[Stored data entries]
● ● ●

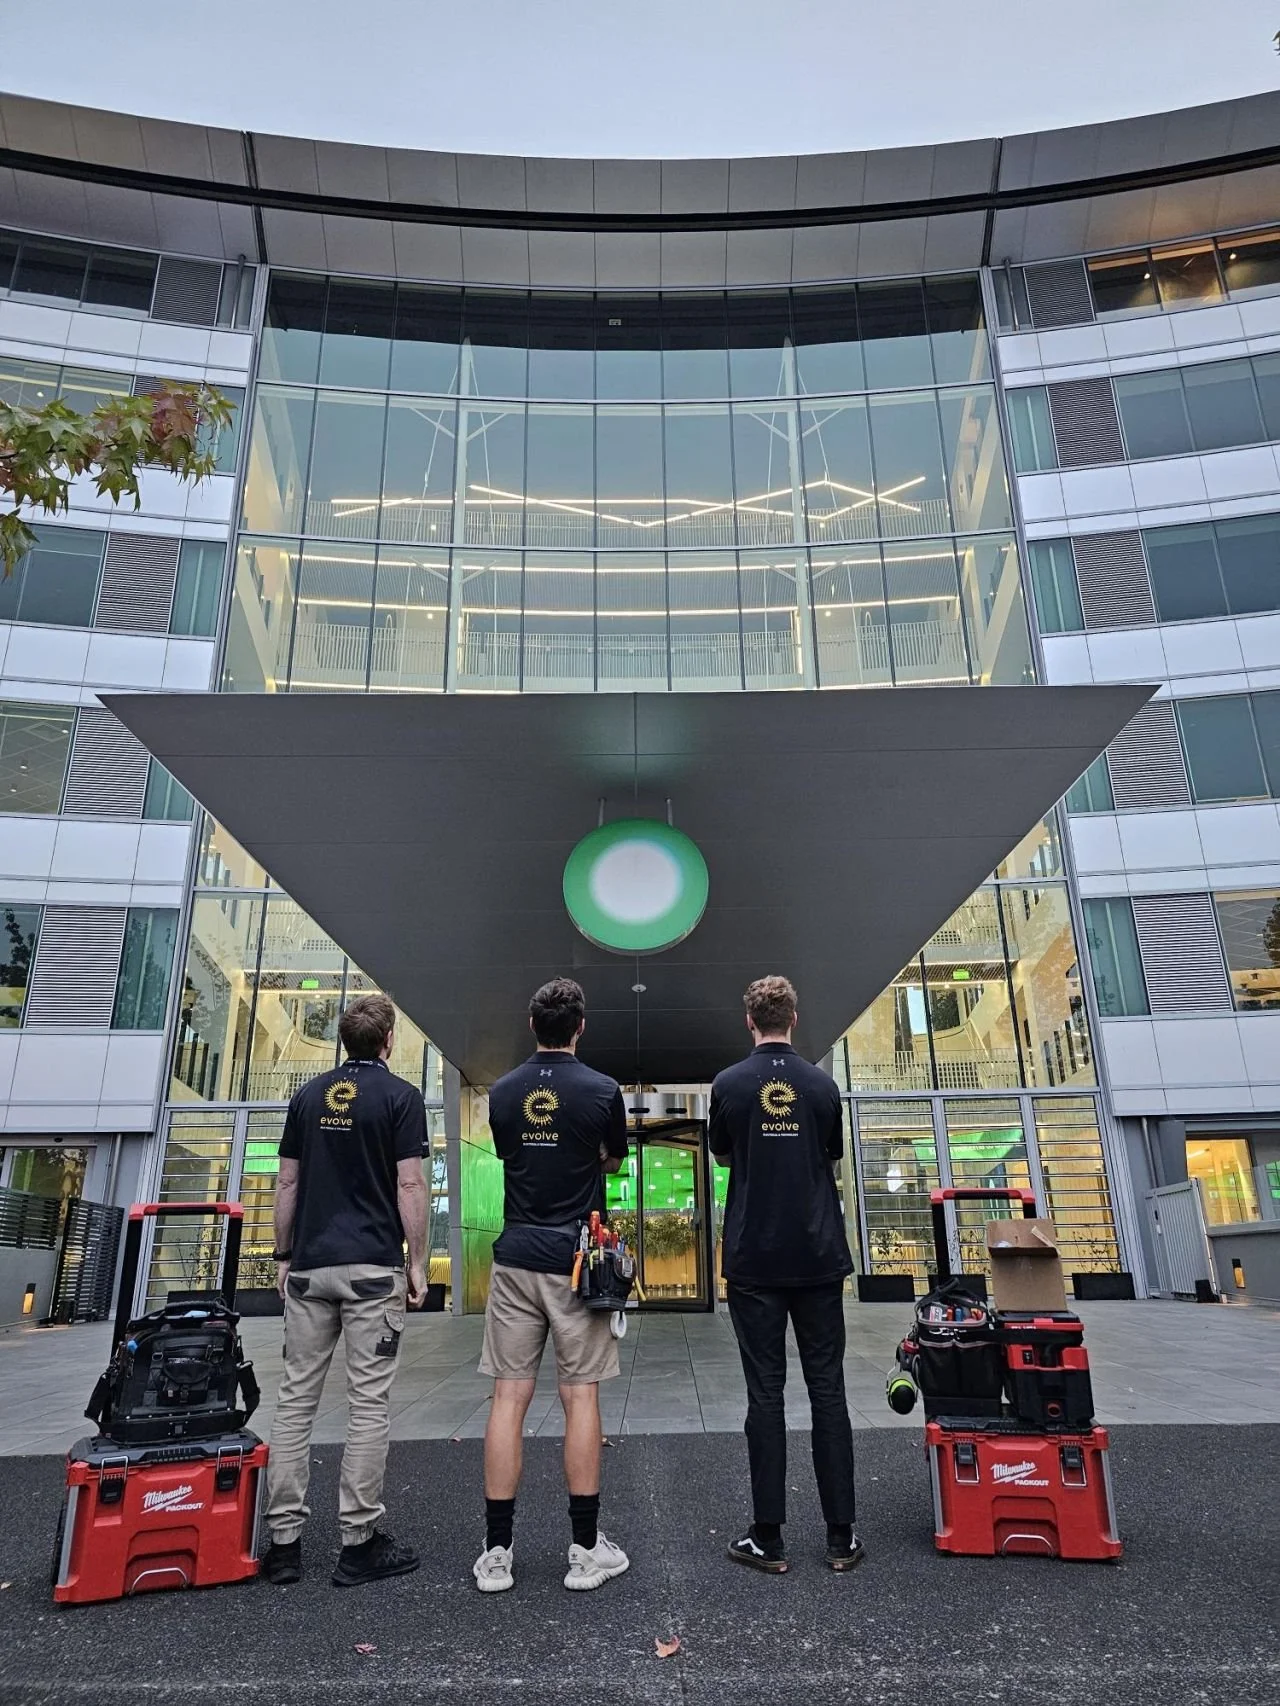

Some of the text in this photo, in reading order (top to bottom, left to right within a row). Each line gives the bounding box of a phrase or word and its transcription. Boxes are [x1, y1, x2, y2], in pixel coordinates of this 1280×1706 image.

[320, 1116, 353, 1126] evolve
[761, 1121, 800, 1131] evolve
[521, 1130, 559, 1141] evolve
[990, 1460, 1036, 1480] Milwaukee
[142, 1485, 193, 1508] Milwaukee
[165, 1502, 204, 1512] PACKOUT
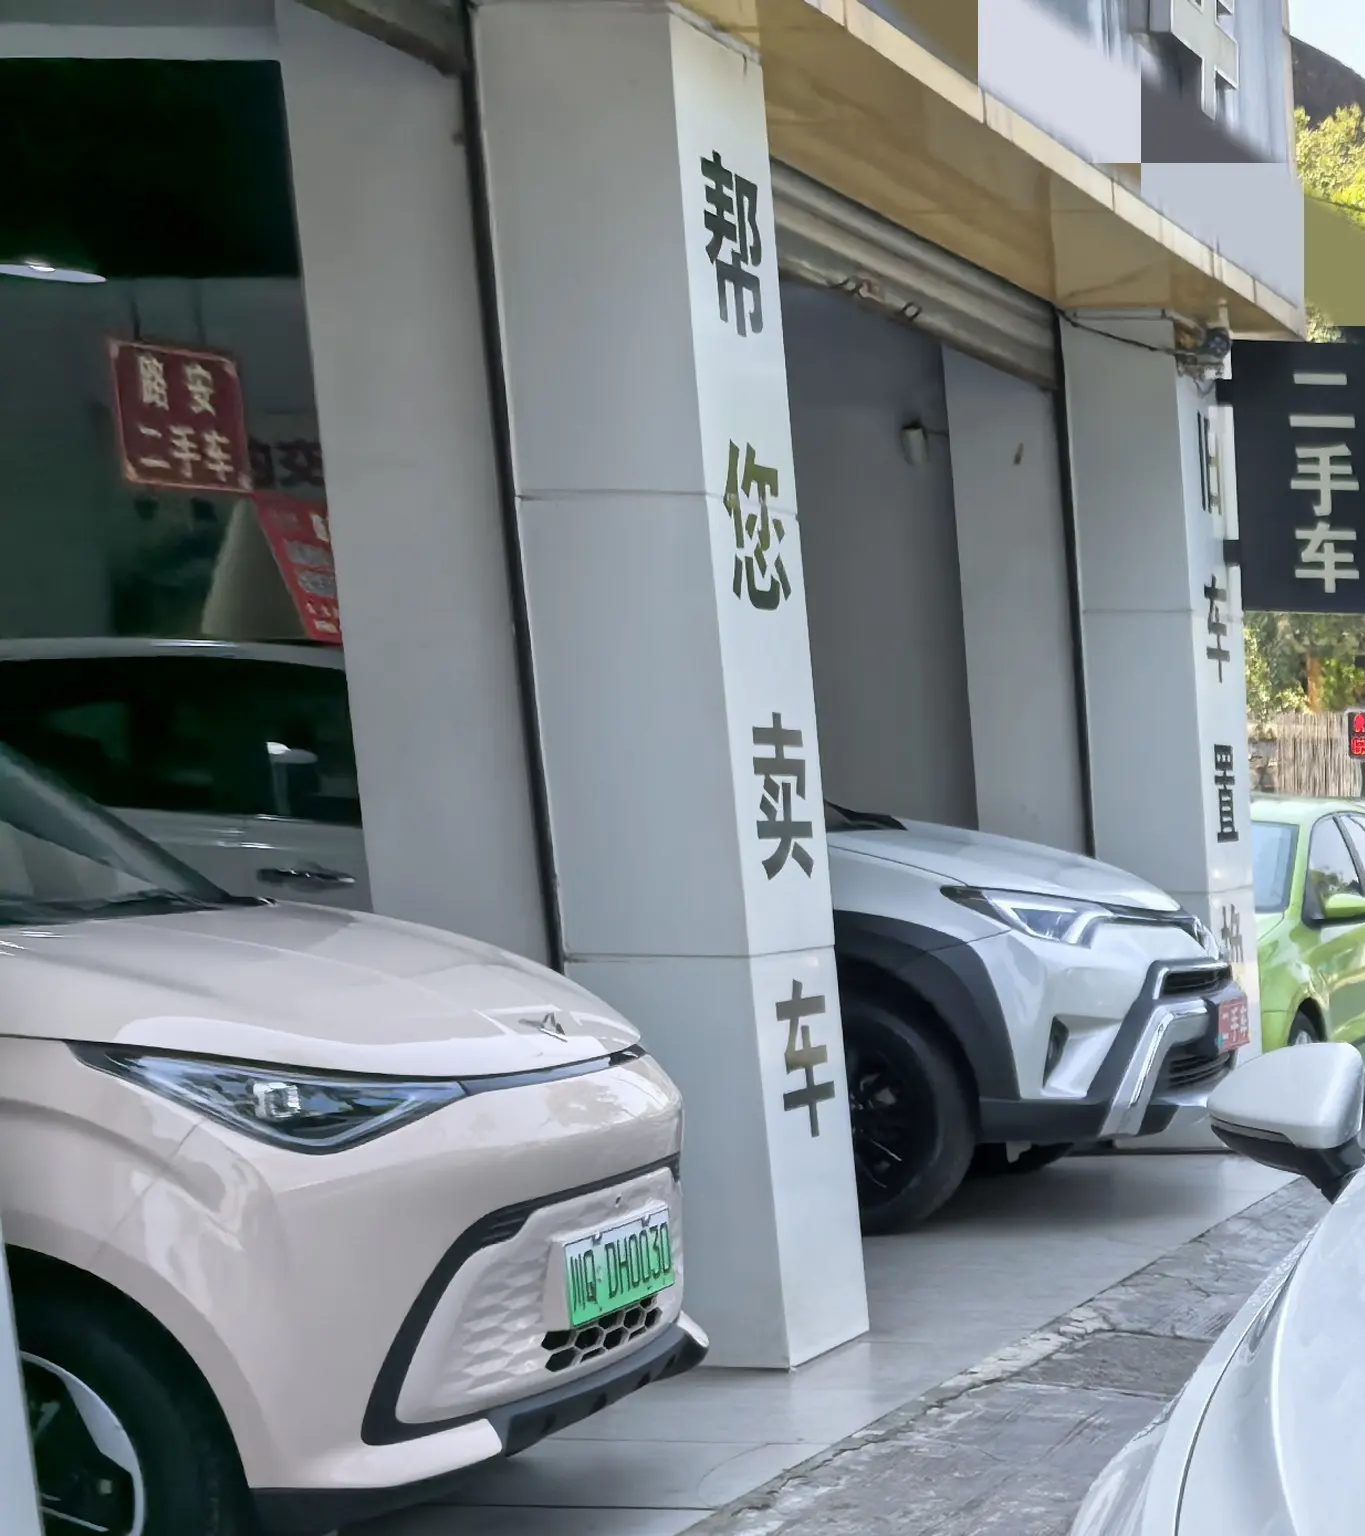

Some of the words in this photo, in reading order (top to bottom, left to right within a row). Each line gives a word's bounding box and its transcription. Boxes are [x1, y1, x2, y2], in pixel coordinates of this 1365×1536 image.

[138, 424, 235, 482] 二手车
[1289, 371, 1360, 594] 二手车
[699, 149, 835, 1138] 帮您卖车
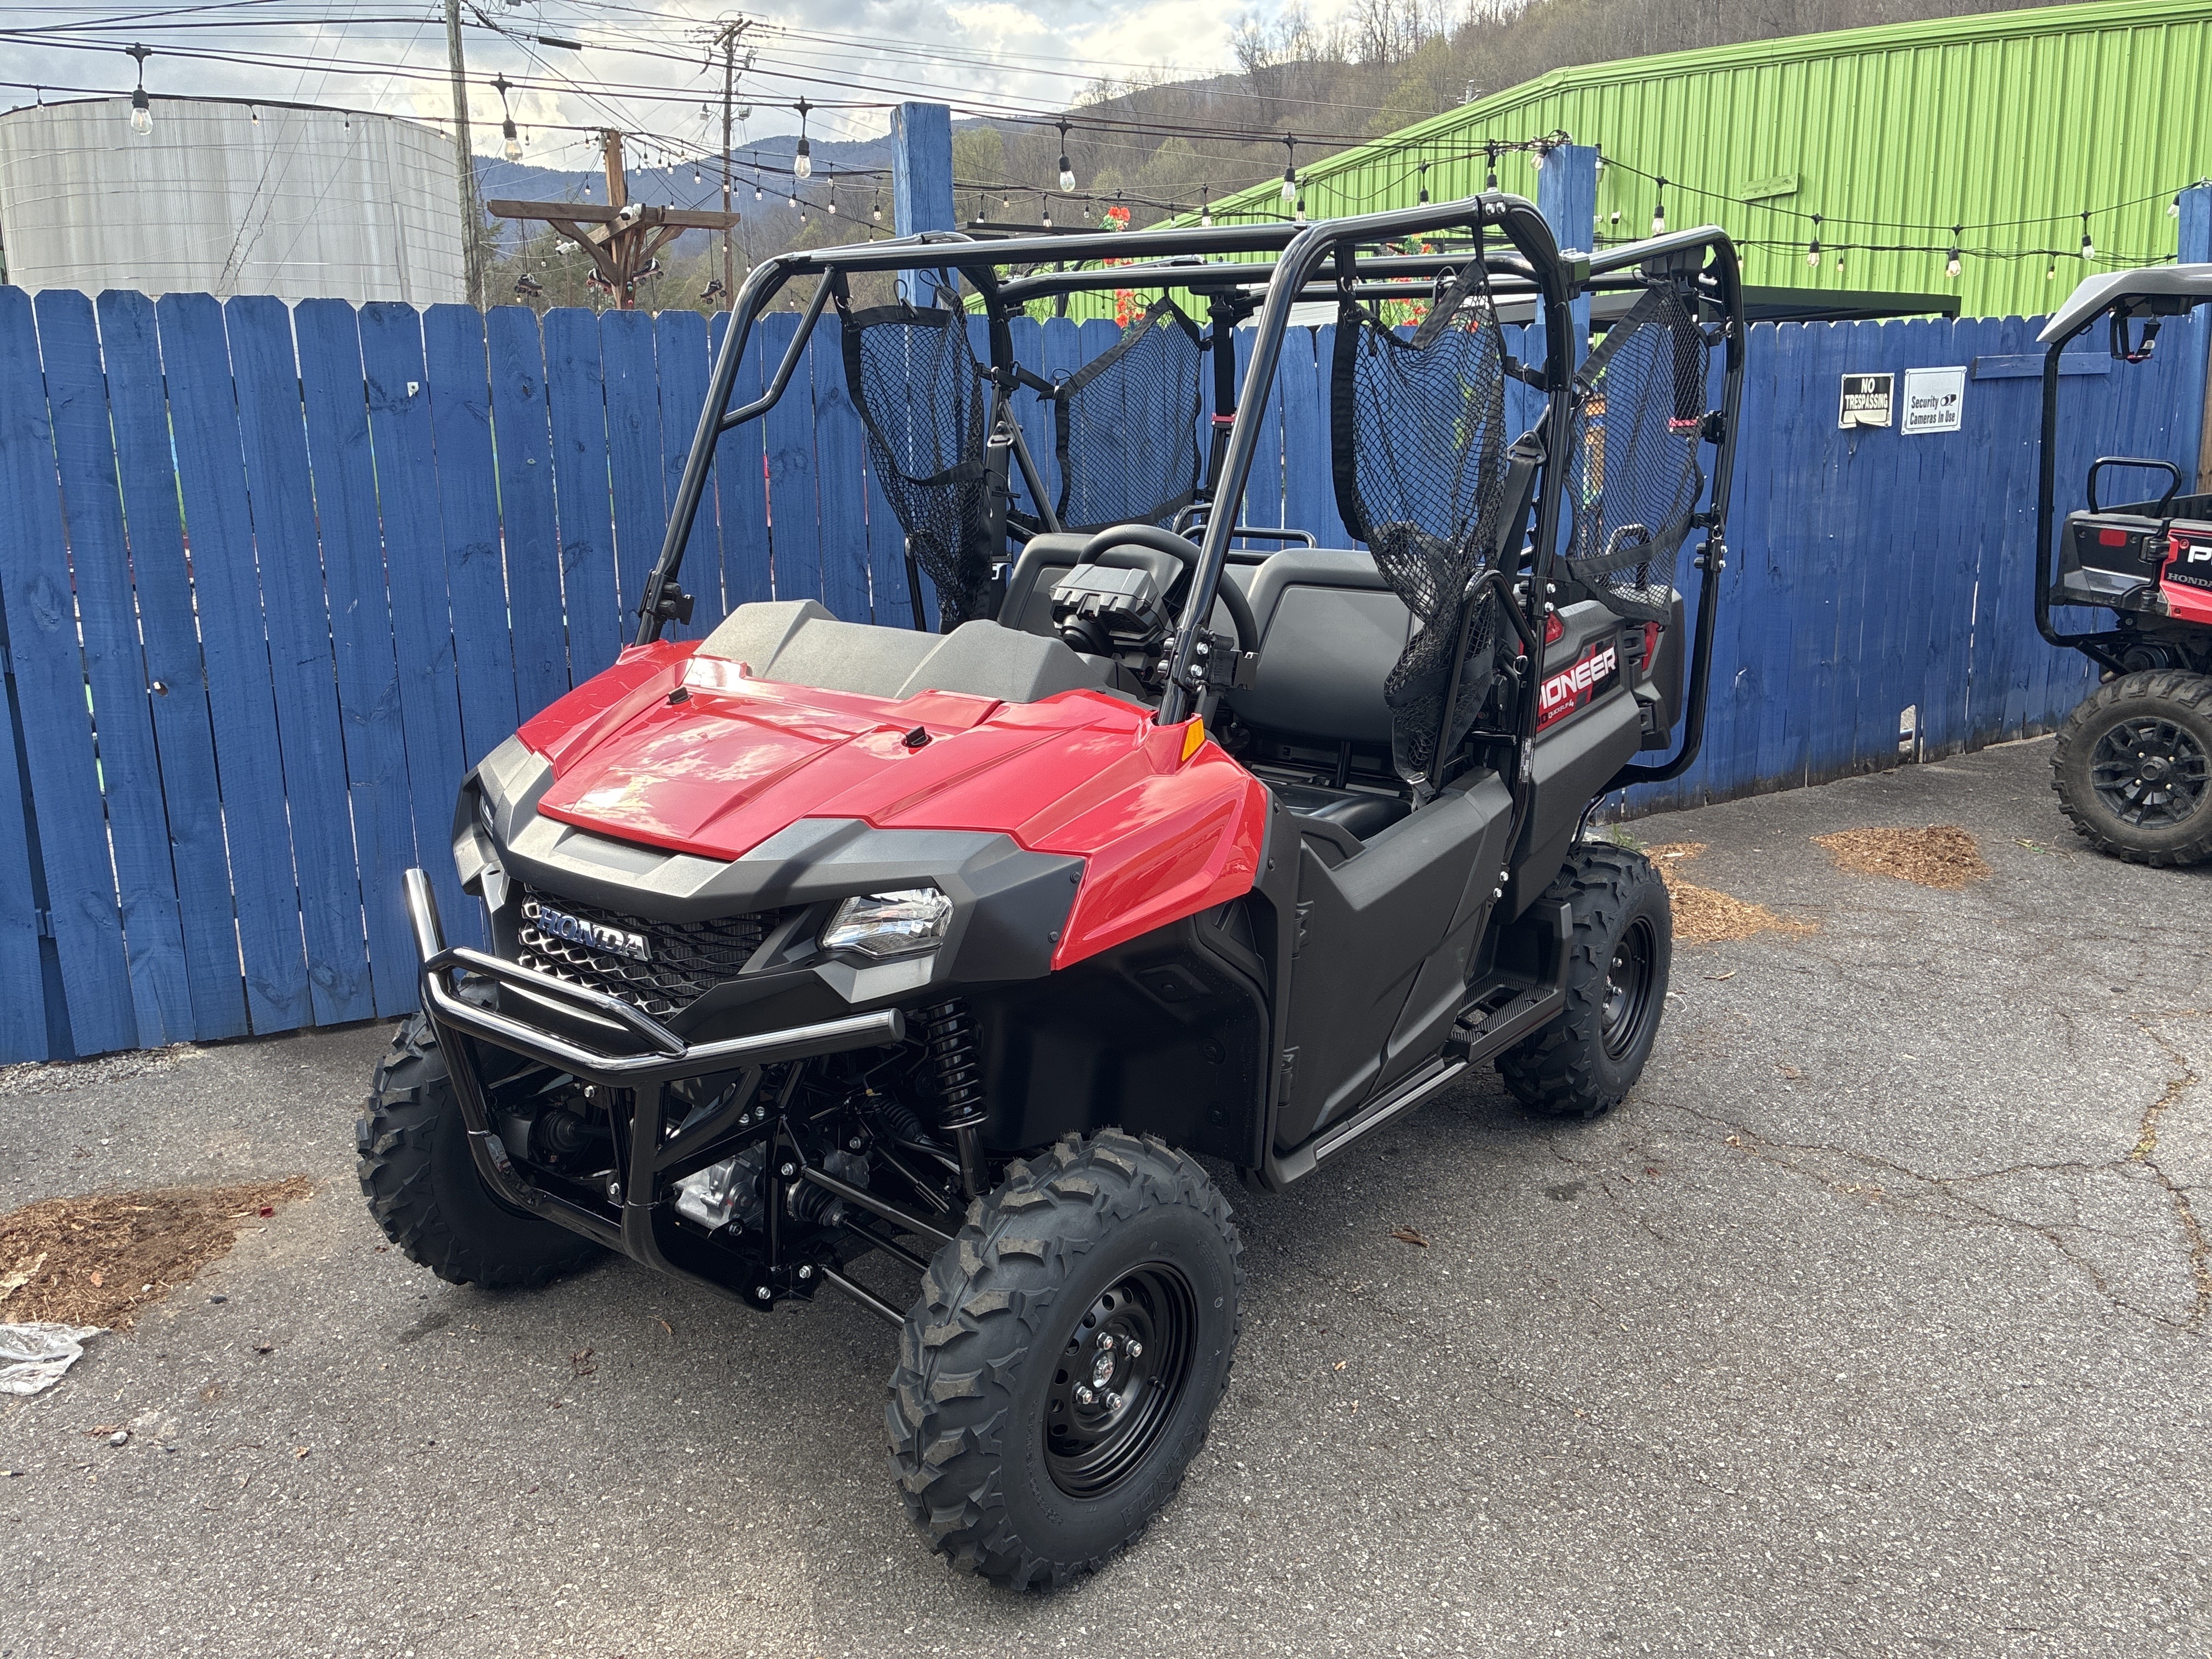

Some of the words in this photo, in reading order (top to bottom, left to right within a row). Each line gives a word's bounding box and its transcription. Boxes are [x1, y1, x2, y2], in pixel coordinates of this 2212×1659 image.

● ● ●

■ DESCRIPTION OF THE TASK
Each line above should be set down exactly as written, with pictures excluded.

■ RESULT OF THE TASK
Some of the text in this photo, in reading order (top to bottom, left to right within a row). Each line gives the bounding box of a phrase or word and its transcription. Boxes are [x1, y1, x2, y2], in pixel coordinates of this 1280×1706 image.

[320, 1116, 353, 1126] evolve
[761, 1121, 800, 1131] evolve
[521, 1130, 559, 1141] evolve
[990, 1460, 1036, 1480] Milwaukee
[142, 1485, 193, 1508] Milwaukee
[165, 1502, 204, 1512] PACKOUT

Some of the words in this photo, in reading order (top to bottom, left to right within a row). Each line gives a word's bounding box and its transcription. Boxes are [x1, y1, x2, y2], in pixel coordinates of this 1365×1536 image.

[138, 424, 235, 482] 二手车
[1289, 371, 1360, 594] 二手车
[699, 149, 835, 1138] 帮您卖车

Some of the words in this photo, in reading order (top to bottom, left to right within a row). Each line gives a word's bounding box and its transcription. Boxes are [x1, y1, x2, y2], in pixel coordinates of this 2212×1659 image.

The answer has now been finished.